The company is no longer confined by the restrictions of the data-sharing agreement with IDEA, Rosslyn, Va., which ended last month (See EM – July 25, page 1). While Trade Service had a relatively low profile during the past 10 years on the distributor side of its business due to the IDEA partnership, it was investing heavily in its Tra-ser database for electrical contractors and invested millions to augment thousands of SKUs in its core electrical pricing and product information with attributed data. And since the 2005 management buyout from I2 Technologies, Dubreville, a 24-year company veteran, no longer has to worry about I2’s cost cutting. Add in the financial weight of a $55 million investment from GF Capital, a New York-based investment firm, and you see why he and his management team are optimistic about the company’s future and passionate about its products.
At the center of all of Trade Service’s operations is its massive database. The electrical database alone has 2.7 million SKUs from 631 manufacturers and 1,300 brands from those vendors. This database is growing by 50,000 SKUs per month. In addition, the company’s electrical product specialists update an average of 500,000 SKUs per month and add attributed data such as images and catalog pages to 75,000 SKUs per month. Trade Service also provides cross references for 150,000 items and offers 16,000 SKUs cross-referenced with the Department of Energy’s Energy Star designation.
Today, Trade Service’s key products for distributors include its eDataFlex electronic pricing and product information, which contains 2 million items from 400 manufacturers and 700,000 SKUs of rich content; the eDataFlex Catalog Connect data that distributors can use for Web-based catalogs; the Comparator Web cross- referencing tool and its 85,000 SKUs; and the soon-to-be officially released SupplierXchange, which links to electrical contractors through their estimating systems to selected electrical distributors and enables them to get custom pricing that they can use in their estimating bids. This gives their distributor partner an early heads-up on upcoming construction projects in their market areas.
For electrical contractors, the company offers its Tra-ser product and pricing service, a 1.5 million SKU database with items from 550 manufacturers that offers “column three” pricing, product information and images.

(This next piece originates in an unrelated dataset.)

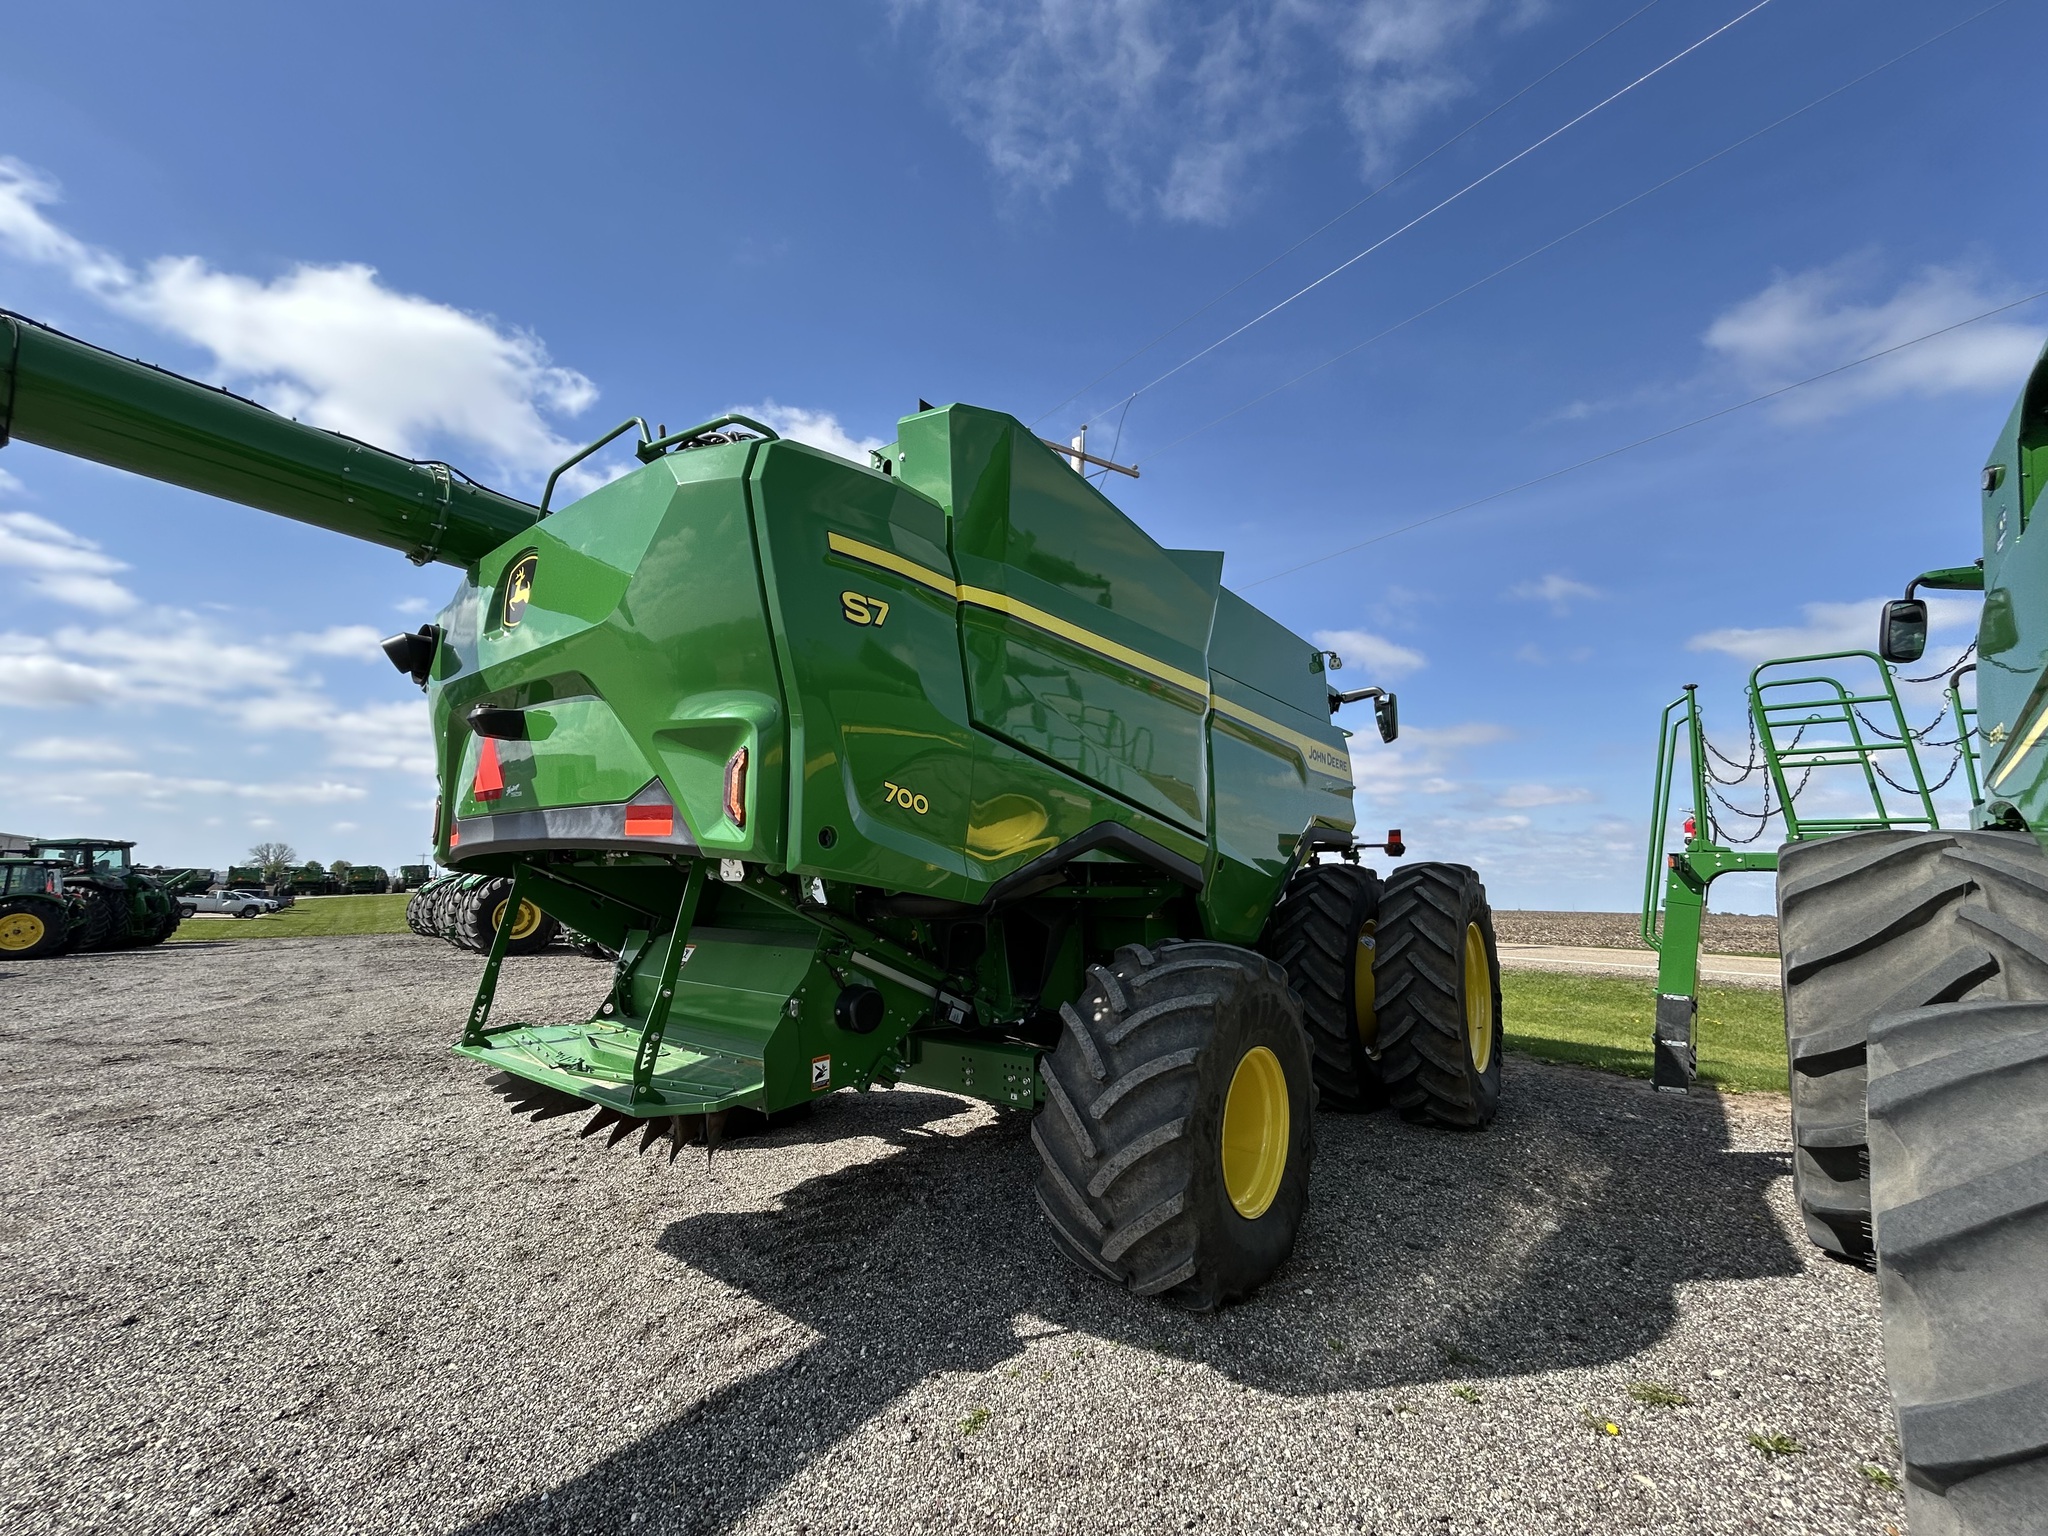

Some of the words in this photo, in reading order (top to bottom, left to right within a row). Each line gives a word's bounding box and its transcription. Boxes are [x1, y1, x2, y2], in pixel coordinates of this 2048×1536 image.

[840, 590, 890, 627] S7
[1309, 746, 1326, 764] JOHN
[1327, 753, 1347, 771] DEERE
[883, 780, 930, 815] 700

According to the cover story for next month’s issue of Electrical Wholesaling magazine, the company will be soon be launching several new products that take advantage of this database. During the 10 years that it supplied data to the IDEA industry data warehouse (IDW), Trade Service was quietly adding attributed data such as images and catalog pages to product records and expanding its data offerings to electrical contractors. Said Tod Moore, the company’s vice president of sales and marketing, “We really took a back seat to IDEA and we did that by design. We didn’t want to look like two organizations bashing it out. We were a partner, and we tried to be the best partner we could while competing. Now that we are separating, we have to reinvigorate our brand and our image. We grew a lot as a company in the 10 years we were with IDEA.”

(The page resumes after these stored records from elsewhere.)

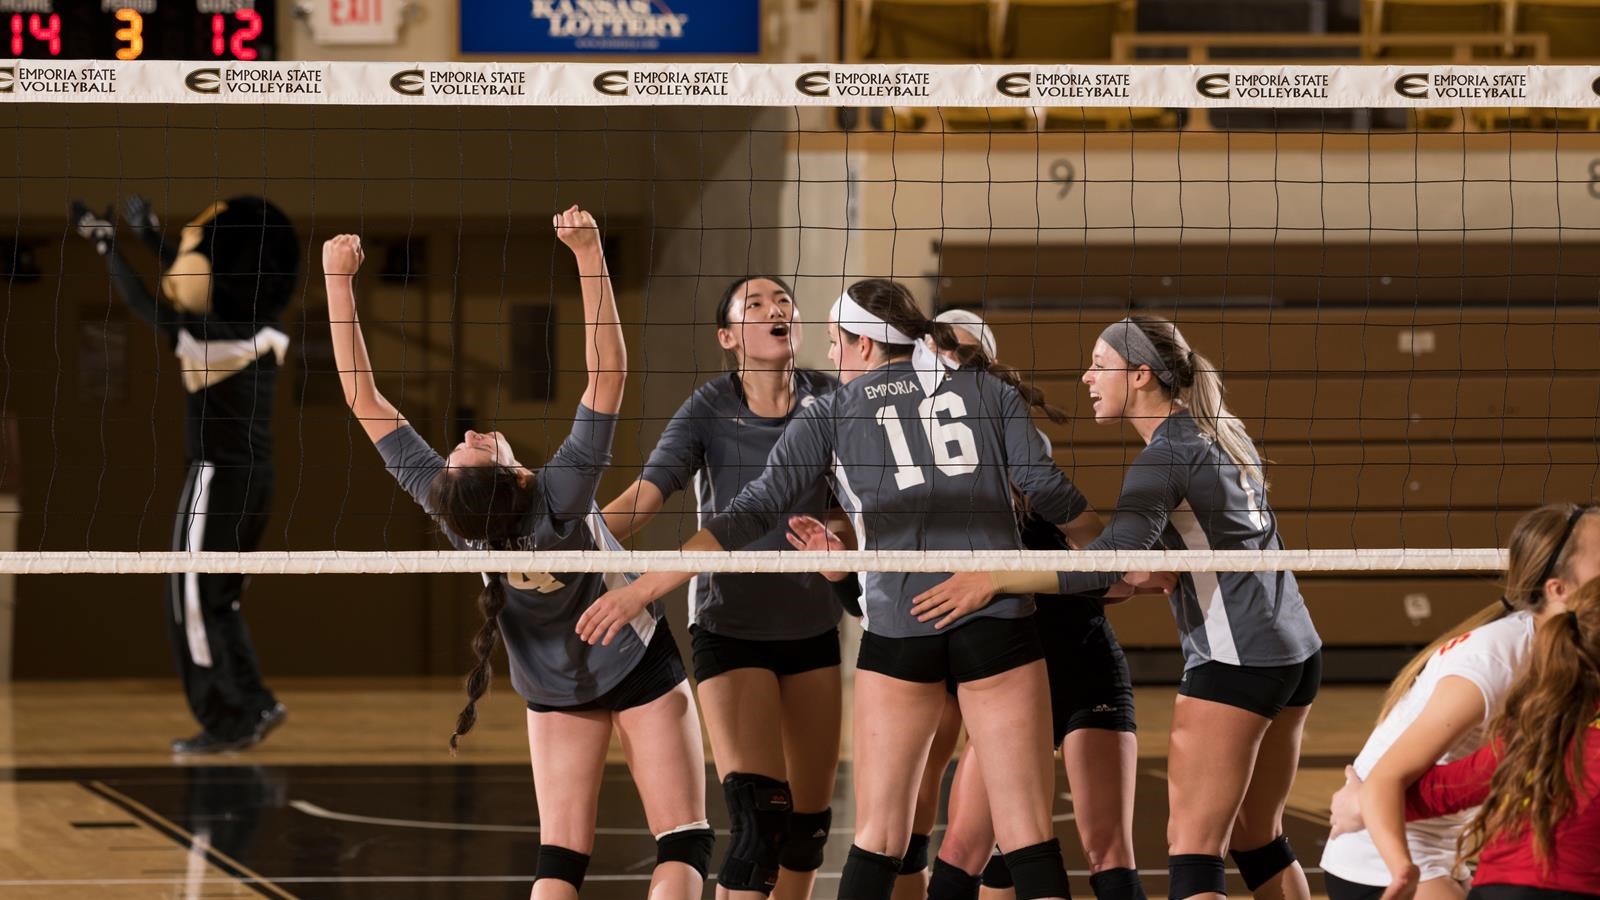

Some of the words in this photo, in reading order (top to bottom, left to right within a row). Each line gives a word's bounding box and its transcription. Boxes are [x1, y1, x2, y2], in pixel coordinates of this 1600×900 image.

[549, 13, 687, 37] LOTTERY
[11, 13, 61, 56] 14
[115, 8, 143, 60] 3
[212, 8, 262, 60] 12
[20, 68, 77, 81] EMPORIA
[82, 68, 116, 81] STATE
[226, 69, 282, 82] EMPORIA
[288, 69, 321, 82] STATE
[431, 71, 486, 84] EMPORIA
[491, 71, 525, 84] STATE
[634, 71, 689, 84] EMPORIA
[695, 71, 728, 84] STATE
[836, 72, 891, 85] EMPORIA
[896, 72, 929, 85] STATE
[1036, 73, 1091, 86] EMPORIA
[1096, 73, 1129, 86] STATE
[1236, 74, 1290, 87] EMPORIA
[1295, 74, 1328, 87] STATE
[1435, 74, 1488, 87] EMPORIA
[1493, 74, 1526, 87] STATE
[21, 81, 115, 93] VOLLEYBALL
[227, 82, 320, 94] VOLLEYBALL
[432, 84, 524, 96] VOLLEYBALL
[635, 84, 727, 96] VOLLEYBALL
[837, 85, 929, 97] VOLLEYBALL
[1037, 86, 1129, 98] VOLLEYBALL
[1237, 87, 1328, 99] VOLLEYBALL
[1436, 87, 1525, 99] VOLLEYBALL
[1049, 158, 1075, 200] 9
[864, 380, 919, 400] EMPORIA
[875, 391, 979, 491] 16

The SupplierXchange effort is an intriguing bet by Trade Service on how it believes electrical contractors want to select and purchase products in the future. The company’s executives don’t think most contractors want to shop for products the way a consumer might buy a pair of khaki trousers at www.llbean.com. Instead, Trade Service believes they want the purchasing function closer to their business system and estimating package when they are doing a bid. SupplierXchange will let them establish a secure, online link with selected electrical distributors so the distributor can provide customized pricing that can be imported into estimating packages and used to create more realistic bids.
Dubreville said Trade Service is happy with its role as a data provider and has no intentions of getting into the procurement/e-commerce end of the business. “SupplierXchange is not a shopping tool or a procurement tool, says Dubreville. “It’s a way for a contractor to become closer to a distributor. It drives cost out of the ultimate transaction.”